Nested hash

Hello All.

Sample code:

class NestedHash < Hash
  attr_accessor :val
  alias :to_str :to_s
  @val=0
  def initialize
    blk = lambda {|h,k| h[k] = NestedHash.new(&blk)}
    super(&blk)
  end
  def []= (key,value)
    if value.is_a?(NestedHash)
      super(key,value)
    else
      self[key].val=value;
    end
  end
end

test=NestedHash.new();
test['1']='11'
test['1']['2']='12'
test['1']['3']='13'
test['2']['4']='24'

s=test['1'].val #s='11'

Work as expected.

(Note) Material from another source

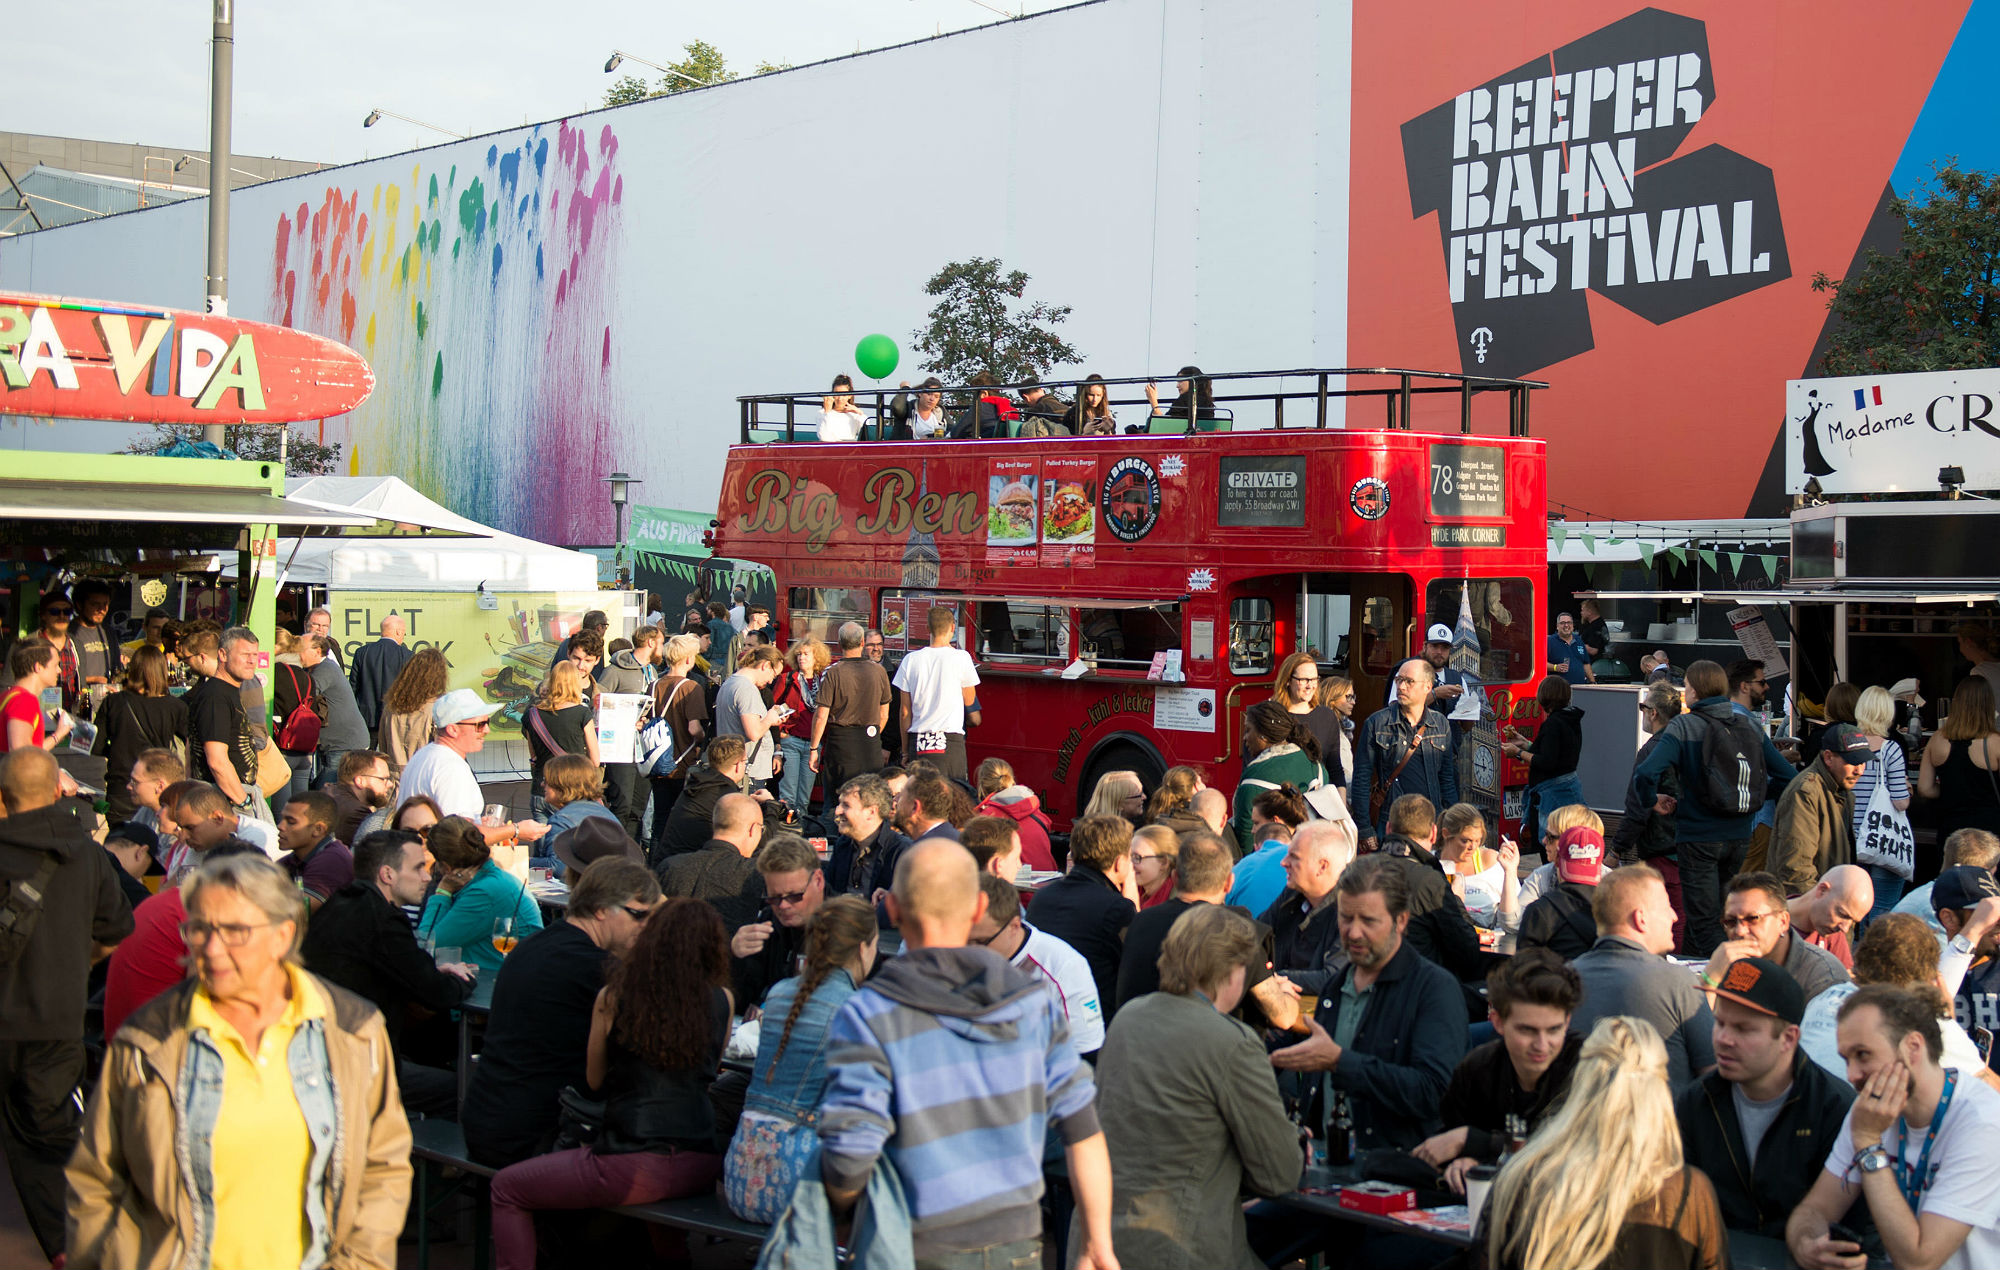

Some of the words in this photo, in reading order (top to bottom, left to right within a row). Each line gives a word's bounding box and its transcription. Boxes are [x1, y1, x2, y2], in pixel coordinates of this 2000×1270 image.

In C++ by using typecast overloading it is possible to
implement class that will work that way:
s=test['1']# s='11'

Is it possible to implement same functionality in Ruby?

I've tried:

alias :to_s :to_str
def to_str
  @val
end

But first of all result values are wrong and i can't understand why.
Secondly it works only in constructions like that:
s=" "+test['1'] # ie i must tell Ruby that i need string result
but not in
s=test['1'] # if it were possible to tell Ruby that it use string result
by default

Any other suggestions?

···

--
Posted via http://www.ruby-forum.com/.

Hello All.

Sample code:

class NestedHash < Hash
  attr_accessor :val
  alias :to_str :to_s
  @val=0
  def initialize
    blk = lambda {|h,k| h[k] = NestedHash.new(&blk)}
    super(&blk)
  end
  def = (key,value)
    if value.is_a?(NestedHash)
      super(key,value)
    else
      self[key].val=value;
    end
  end
end

test=NestedHash.new();
test['1']='11'
test['1']['2']='12'
test['1']['3']='13'
test['2']['4']='24'

s=test['1'].val #s='11'

Work as expected. In C++ by using typecast overloading it is possible to
implement class that will work that way:
s=test['1']# s='11'

Is it possible to implement same functionality in Ruby?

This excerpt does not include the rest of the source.